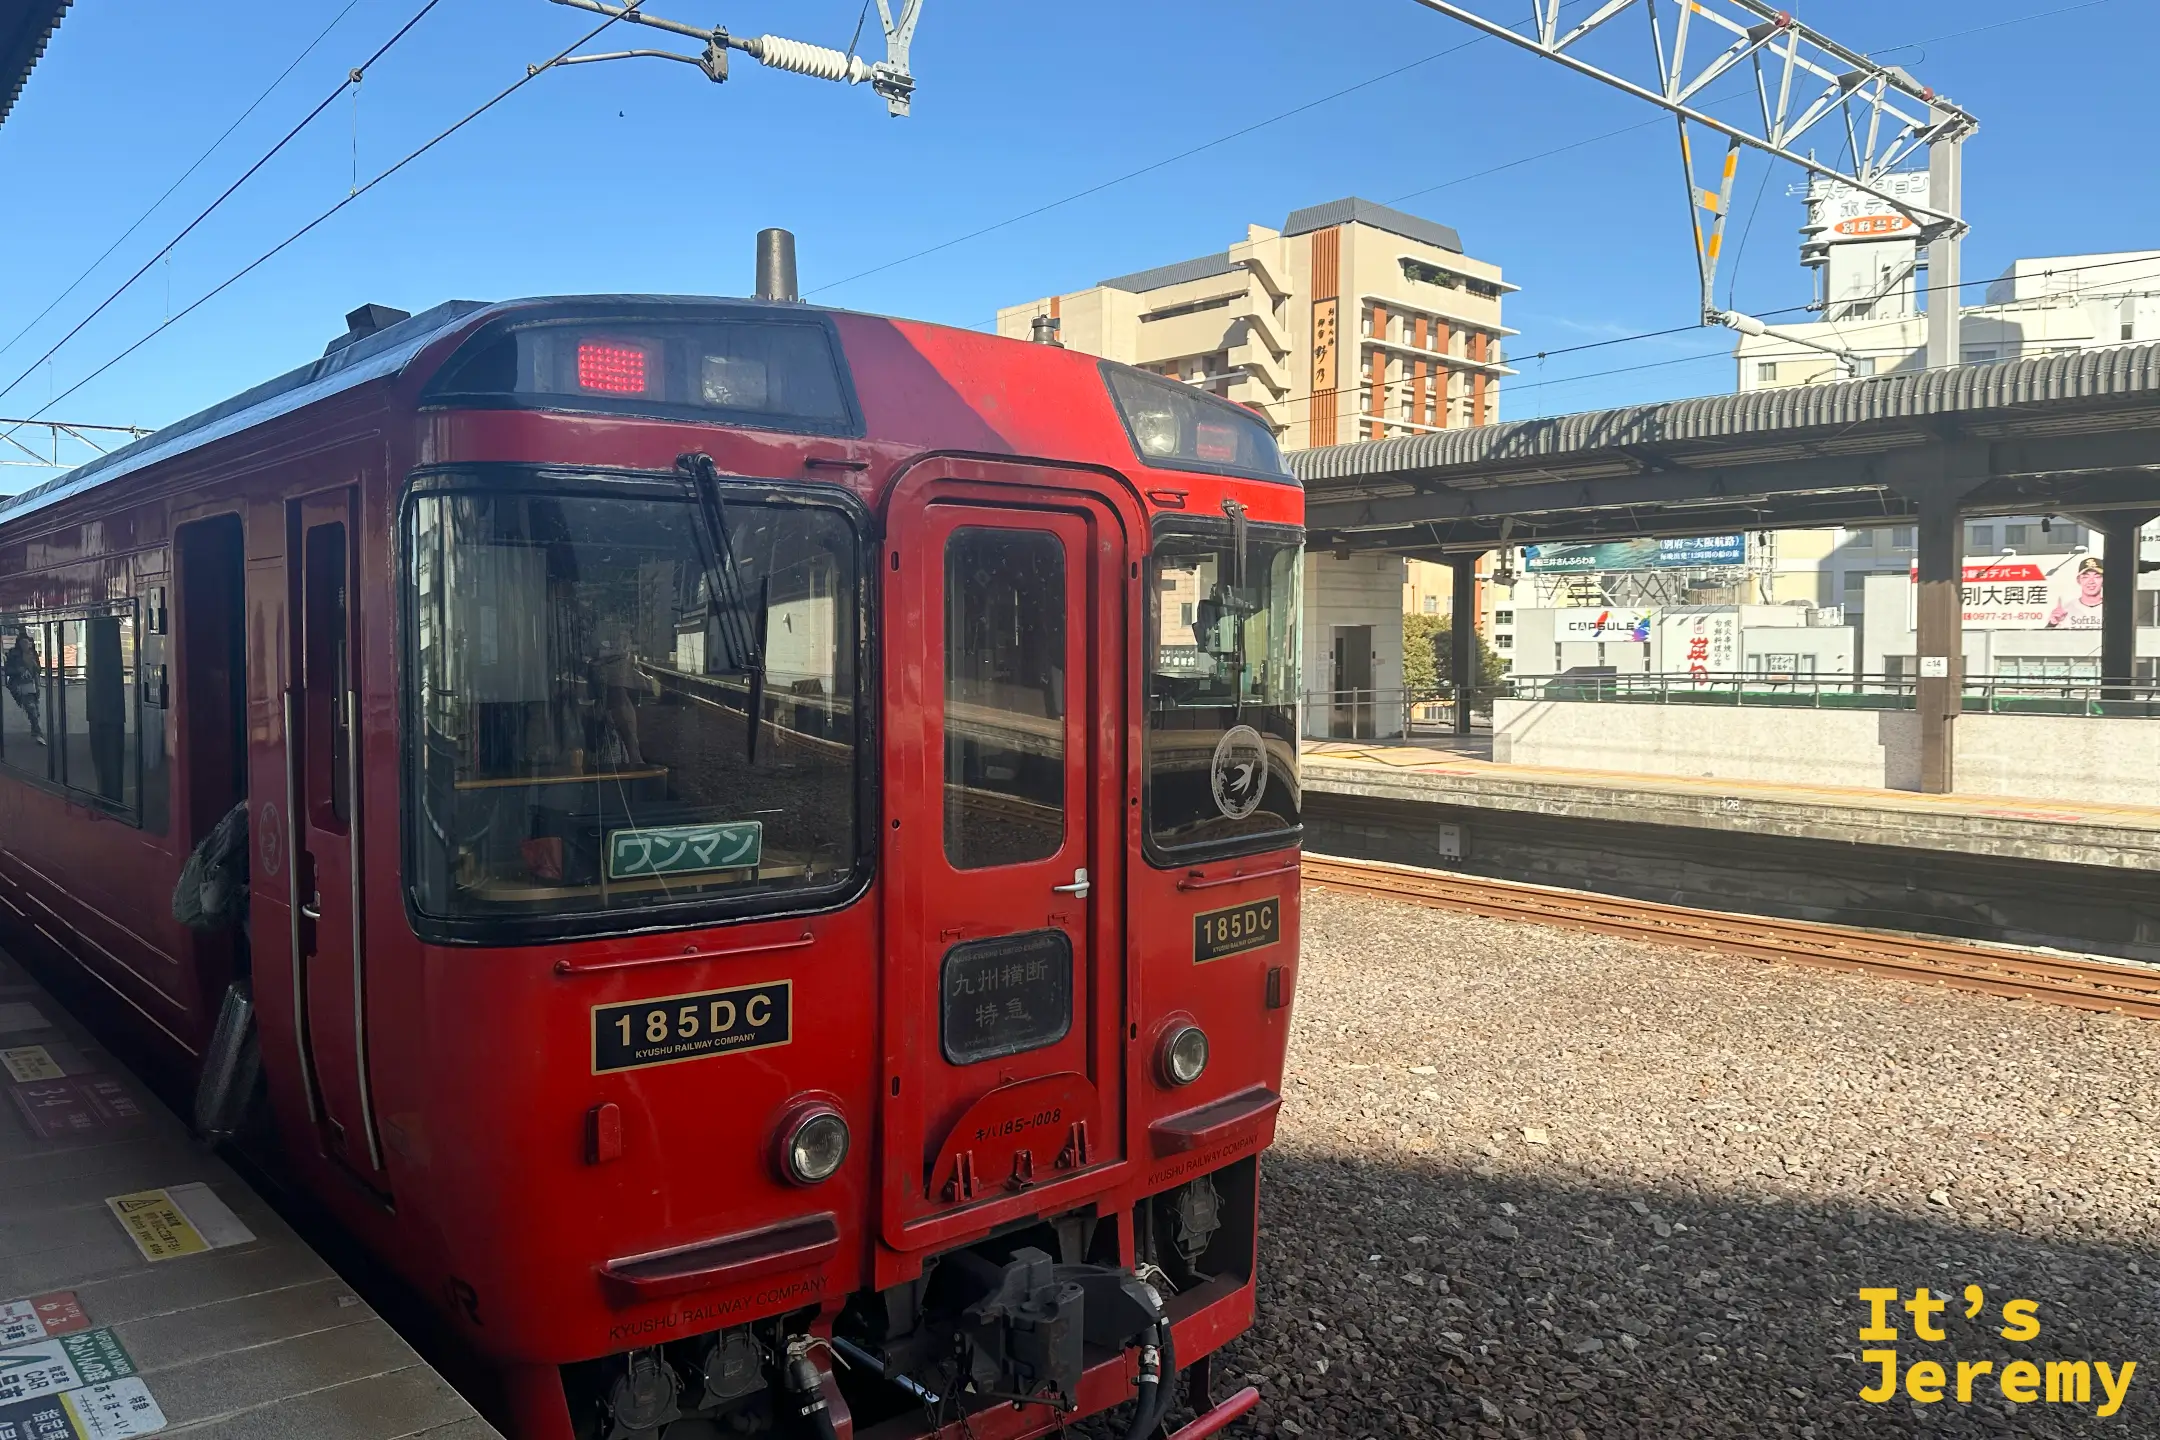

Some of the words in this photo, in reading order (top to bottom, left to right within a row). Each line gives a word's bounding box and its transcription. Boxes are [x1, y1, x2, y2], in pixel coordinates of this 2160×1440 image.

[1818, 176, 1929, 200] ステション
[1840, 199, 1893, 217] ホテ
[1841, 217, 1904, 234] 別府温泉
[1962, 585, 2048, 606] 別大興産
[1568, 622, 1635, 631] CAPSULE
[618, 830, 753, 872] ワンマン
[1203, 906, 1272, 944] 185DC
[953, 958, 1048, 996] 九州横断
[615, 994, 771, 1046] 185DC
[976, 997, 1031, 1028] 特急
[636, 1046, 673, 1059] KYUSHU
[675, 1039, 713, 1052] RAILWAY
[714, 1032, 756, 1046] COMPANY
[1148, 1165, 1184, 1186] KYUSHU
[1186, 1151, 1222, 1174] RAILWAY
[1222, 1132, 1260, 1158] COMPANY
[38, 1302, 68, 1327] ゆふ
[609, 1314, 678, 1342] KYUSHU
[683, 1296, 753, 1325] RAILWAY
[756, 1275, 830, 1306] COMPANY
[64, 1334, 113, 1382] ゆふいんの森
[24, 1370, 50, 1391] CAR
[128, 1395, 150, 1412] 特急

§ WHAT IS REQUIRED: With the images omitted, return the full material exactly.

§ YOUR SOLUTION:
Some of the words in this photo, in reading order (top to bottom, left to right within a row). Each line gives a word's bounding box and its transcription. Boxes are [x1, y1, x2, y2], in pixel coordinates of this 2160×1440 image.

[1818, 176, 1929, 200] ステション
[1840, 199, 1893, 217] ホテ
[1841, 217, 1904, 234] 別府温泉
[1962, 585, 2048, 606] 別大興産
[1568, 622, 1635, 631] CAPSULE
[618, 830, 753, 872] ワンマン
[1203, 906, 1272, 944] 185DC
[953, 958, 1048, 996] 九州横断
[615, 994, 771, 1046] 185DC
[976, 997, 1031, 1028] 特急
[636, 1046, 673, 1059] KYUSHU
[675, 1039, 713, 1052] RAILWAY
[714, 1032, 756, 1046] COMPANY
[1148, 1165, 1184, 1186] KYUSHU
[1186, 1151, 1222, 1174] RAILWAY
[1222, 1132, 1260, 1158] COMPANY
[38, 1302, 68, 1327] ゆふ
[609, 1314, 678, 1342] KYUSHU
[683, 1296, 753, 1325] RAILWAY
[756, 1275, 830, 1306] COMPANY
[64, 1334, 113, 1382] ゆふいんの森
[24, 1370, 50, 1391] CAR
[128, 1395, 150, 1412] 特急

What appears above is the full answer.